Just threw up my lunch. I can't keep any food down and I'm afraid to eat again.
Stuff like this never happens to me.

Thursday, March 19, 2015

11:39am 3/19/15

I'd much rather have wet dreams about women than nightmares about men.

Wednesday, March 18, 2015

8:51 pm 3/18/15

I love my family so much. They help keep me warm.

2:47pm 3/18/15

I just reread a final paper I wrote in 2008 on Eisenstein's "polyversal humanity".

If someone would have brought up Zillah Eisentein to me yesterday I would've had no clue who they were talking about.  -_-

11:15am 3/18/15

I would love to do a ranking of which hedge funds have the best kitchen.
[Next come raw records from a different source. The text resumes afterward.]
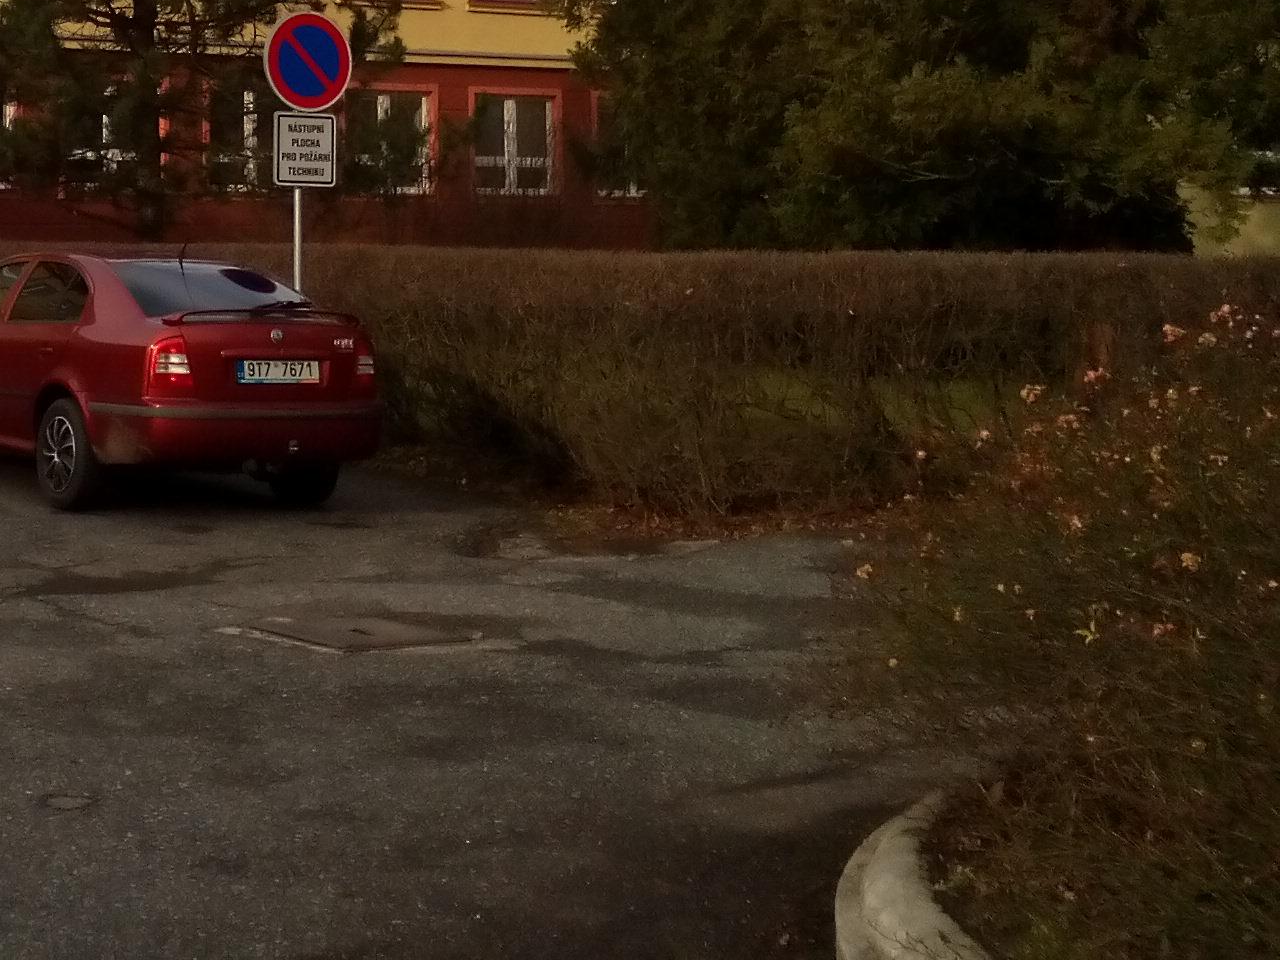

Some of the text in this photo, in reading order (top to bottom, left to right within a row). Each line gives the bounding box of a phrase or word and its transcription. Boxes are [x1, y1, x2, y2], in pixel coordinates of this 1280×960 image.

[291, 138, 320, 147] PLOCHA
[281, 150, 330, 162] PRO POŽÁRNÍ
[288, 166, 324, 176] TECHNIKU
[247, 362, 313, 377] 9T7 7671
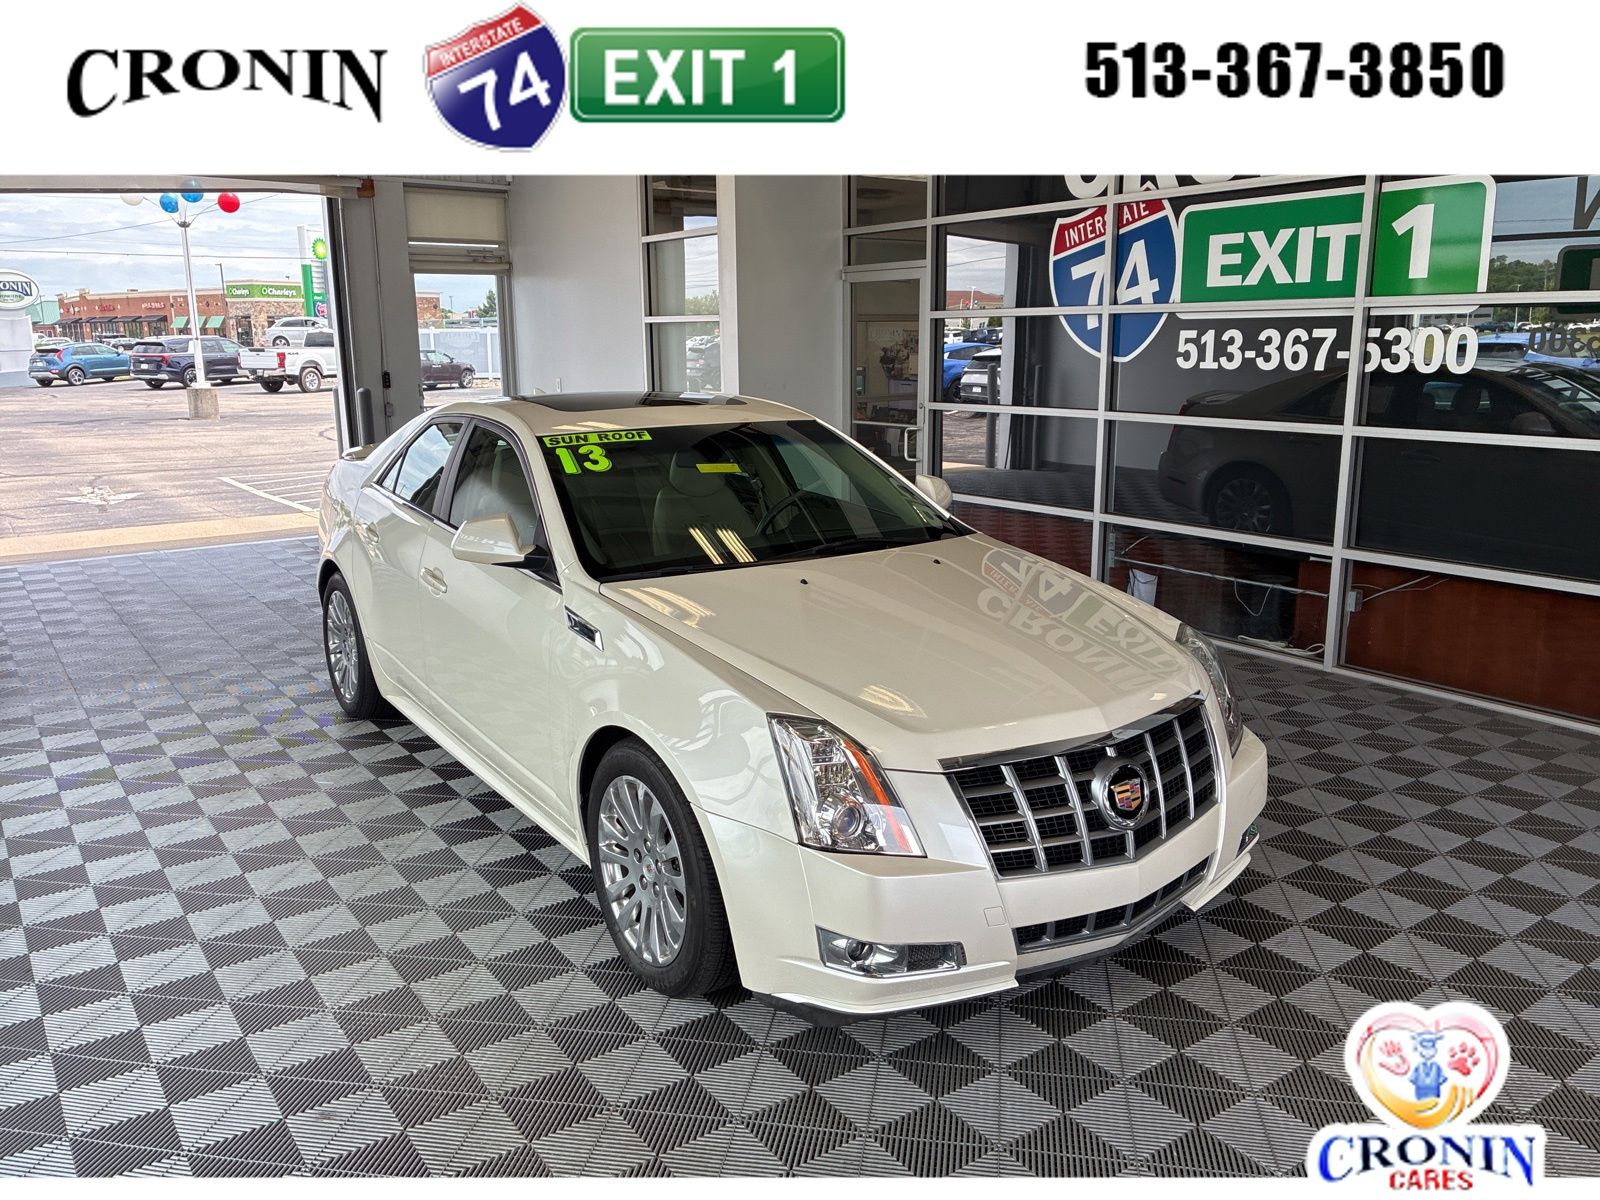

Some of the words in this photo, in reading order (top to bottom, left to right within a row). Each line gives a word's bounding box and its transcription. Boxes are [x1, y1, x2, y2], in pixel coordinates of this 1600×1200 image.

[1206, 222, 1362, 288] EXIT
[1391, 203, 1435, 279] 1
[1070, 239, 1160, 331] 74
[1176, 327, 1479, 374] 513-367-5300
[548, 434, 589, 446] SUN
[597, 431, 646, 442] ROOF
[556, 445, 613, 474] 13
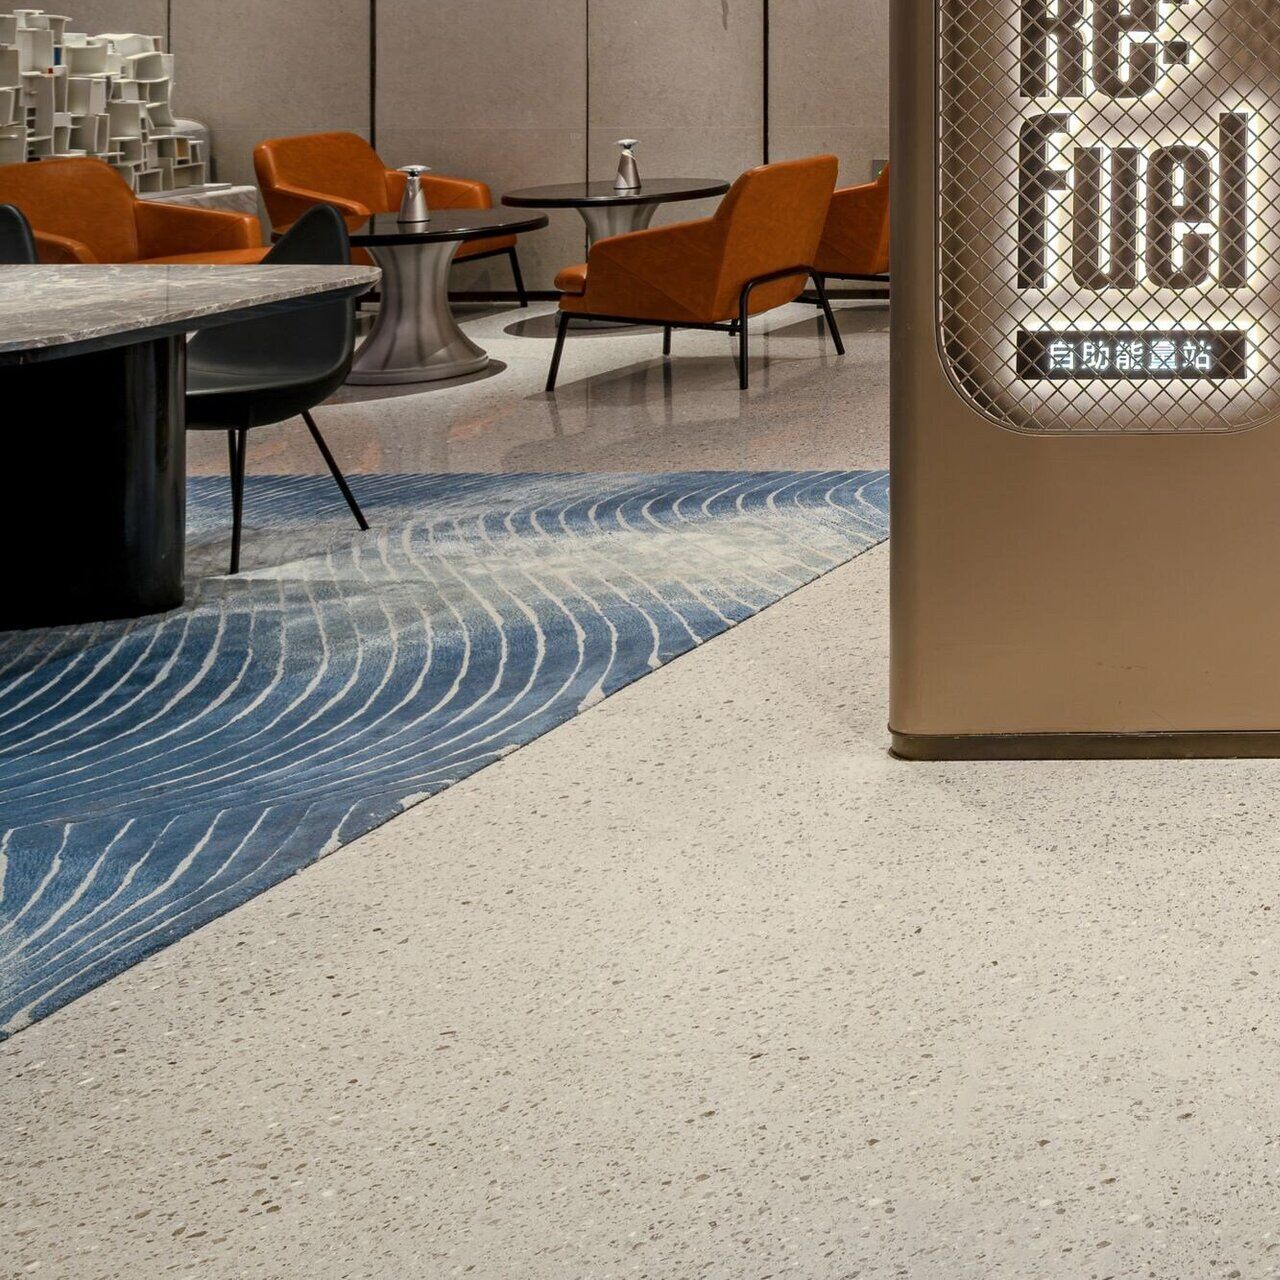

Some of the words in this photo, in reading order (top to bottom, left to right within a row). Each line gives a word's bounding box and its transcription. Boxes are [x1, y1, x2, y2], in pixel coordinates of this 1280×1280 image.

[1048, 340, 1212, 371] 自助能量站
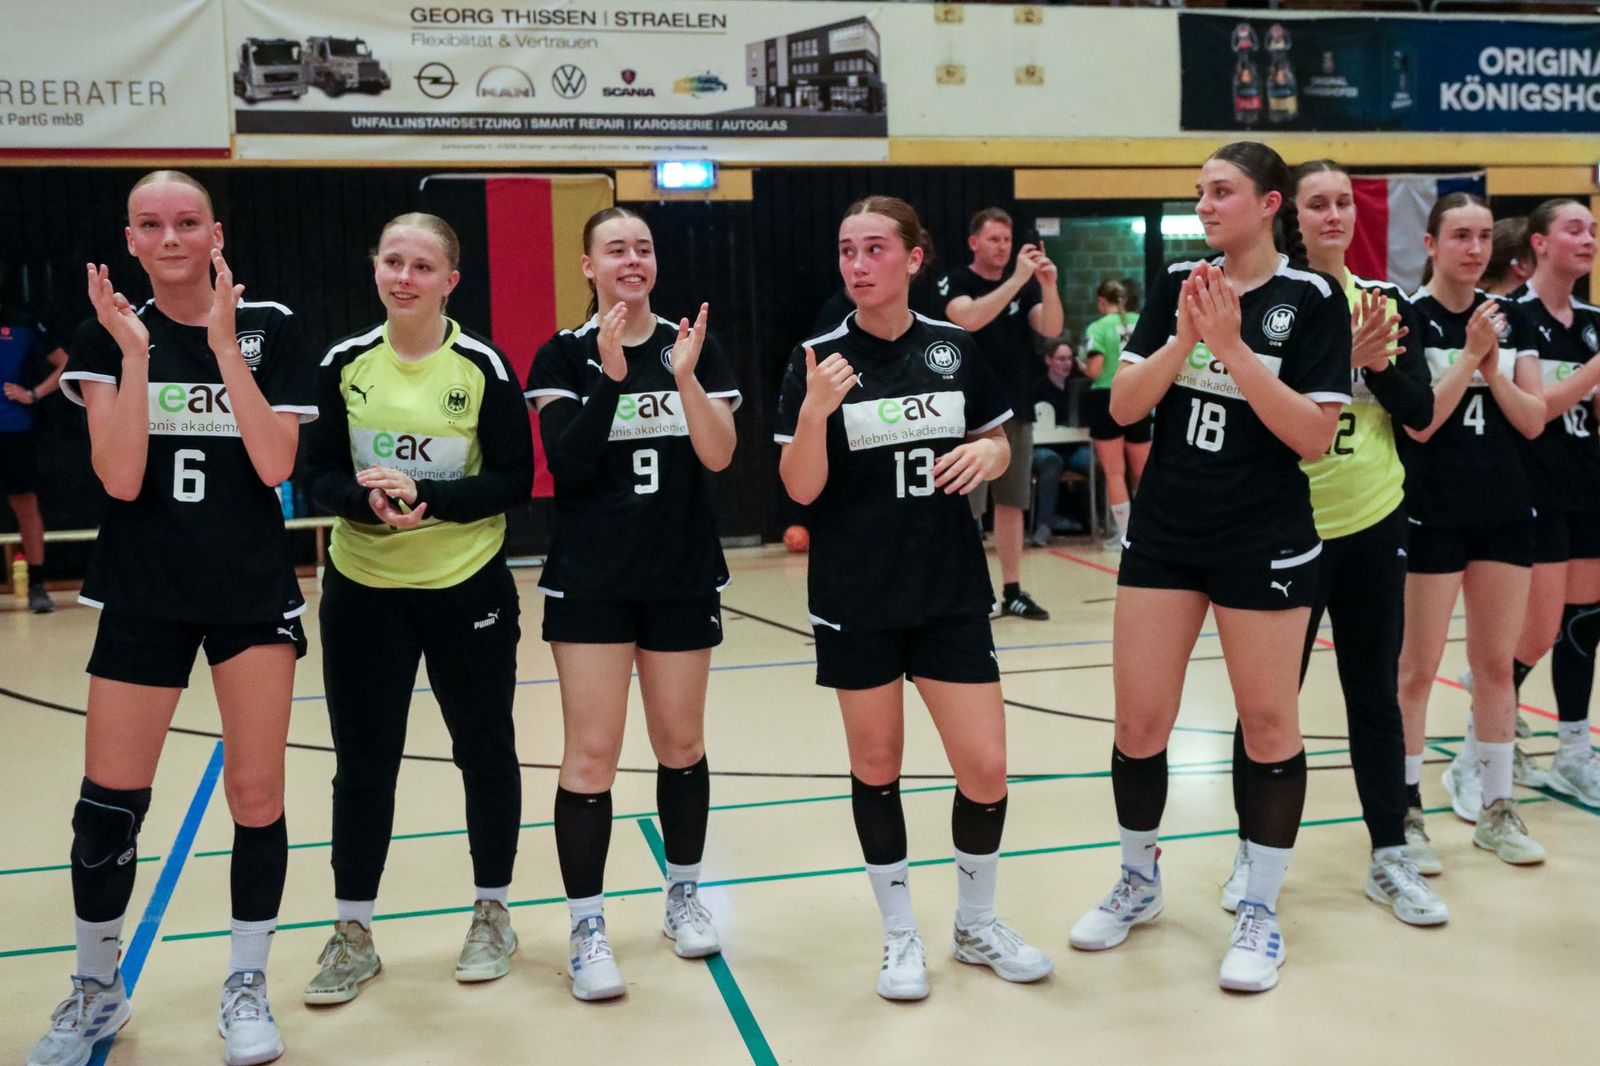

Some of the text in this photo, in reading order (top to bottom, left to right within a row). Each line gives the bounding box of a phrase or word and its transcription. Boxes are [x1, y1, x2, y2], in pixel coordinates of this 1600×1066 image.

[410, 7, 727, 28] GEORG THISSEN STRAELEN
[411, 32, 599, 49] Flexibilität & Vertrauen
[0, 80, 167, 106] RBERATER
[602, 87, 656, 97] SCANIA
[8, 113, 48, 126] PartG
[52, 113, 84, 126] mbB
[351, 116, 788, 131] UNFALLINSTANDSETZUNG SMART REPAIR KAROSSERIE AUTOGLAS
[1188, 343, 1228, 375] ea
[158, 384, 231, 413] eak
[615, 392, 674, 420] eak
[877, 395, 942, 424] eak
[1186, 398, 1226, 452] 18
[1463, 394, 1485, 435] 4
[372, 431, 432, 462] eak
[850, 430, 898, 447] erlebnis
[1325, 412, 1356, 455] 2
[173, 449, 206, 502] 6
[632, 448, 660, 495] 9
[894, 448, 936, 498] 13
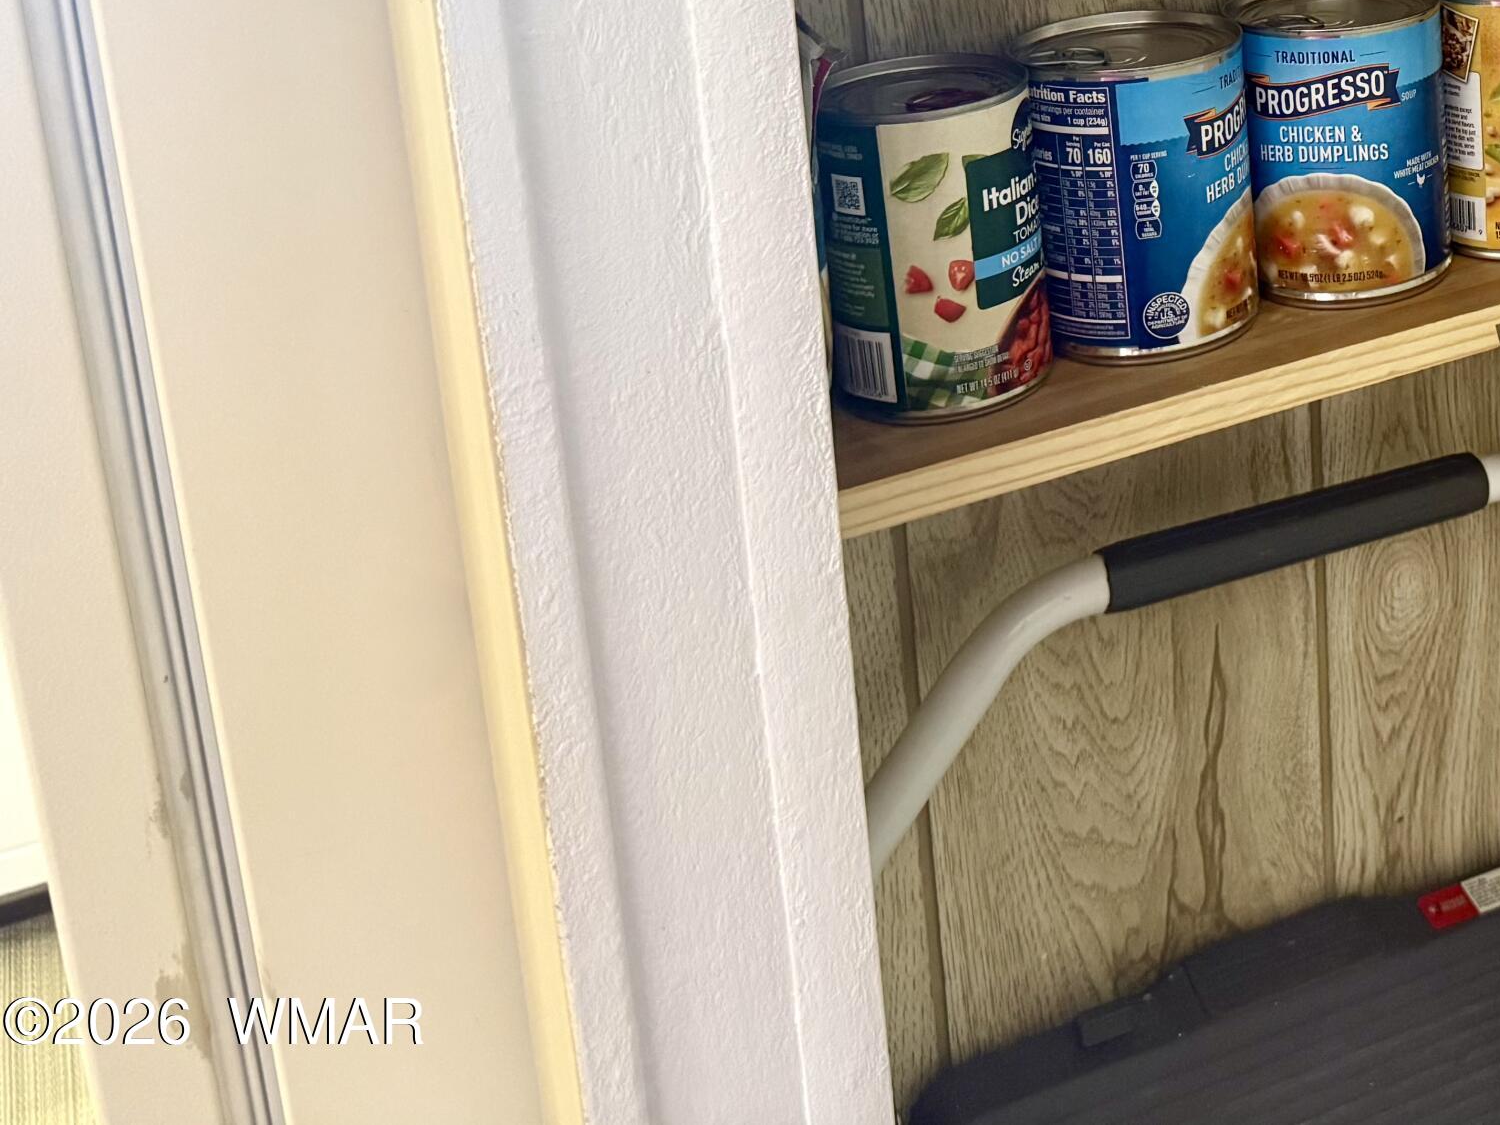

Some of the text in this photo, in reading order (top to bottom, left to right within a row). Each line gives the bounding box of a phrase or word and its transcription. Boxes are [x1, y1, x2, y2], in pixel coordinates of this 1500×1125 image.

[1274, 50, 1356, 64] TRADITIONAL
[1069, 90, 1106, 103] Facts
[1255, 70, 1385, 115] PROGRESSO
[1401, 89, 1417, 101] SOUP
[1072, 117, 1108, 127] cup (234g)
[1279, 125, 1362, 143] CHICKEN &
[1065, 147, 1112, 165] 70 160
[1260, 143, 1389, 165] HERB DUMPLINGS
[1406, 155, 1420, 167] MADE
[1137, 163, 1150, 173] 70
[1412, 162, 1424, 173] MEAT
[982, 172, 1035, 212] Italian
[1206, 174, 1235, 203] HERB
[1001, 237, 1040, 267] NO SALT
[1146, 294, 1187, 317] INSPECTED
It would include decor, layout, stemware, snack and drink selection (including teas), condiments, and frozen food selection.

Anchorage by far has the best layout, snack (so much chocolate it could be Halloween! + they have drawers of blue Orbit), drink and frozen food selection, however their coffee cups are struggling.

Tremblant def has the best stemware.

Monday, March 16, 2015

3/16/15 9:51pm

I'd love to go to Spain and try a thousand craft Gins.

3/16/15 7pm

I've decided I'm going to learn to play the guitar.

To be continued...

3/16/15 12:27pm

Embrace what the universe has to offer me it may be more abundant than anything I could have imagined I wanted.

Sunday, March 15, 2015

3/15/15 9:18pm

I realize that the man I will marry is probably somewhere right now, in a relationship, with no clue that I exist, thinking he will spend the rest of his life with the person he's with now. The exchange of people in life is crazy, how lives intertwine (not in a sleazy way), maybe they will have an amicable breakup and then we will meet. It's just at a certain age you tend to believe you're going marry anyone you are seriously dating, though more likely that you won't. 

More hopefully my future husband is currently independent and happily unattached focused on making a life for himself and future family. And in a perfect world...saving intimacy for his future spouse, as am I. 

Putting it out into the Universe. 

3/15/15 9:11pm

I think one of the best things about me is that I'm always the same person. 

And I rarely act aimlessly. I always have intentions, whether good or bad.  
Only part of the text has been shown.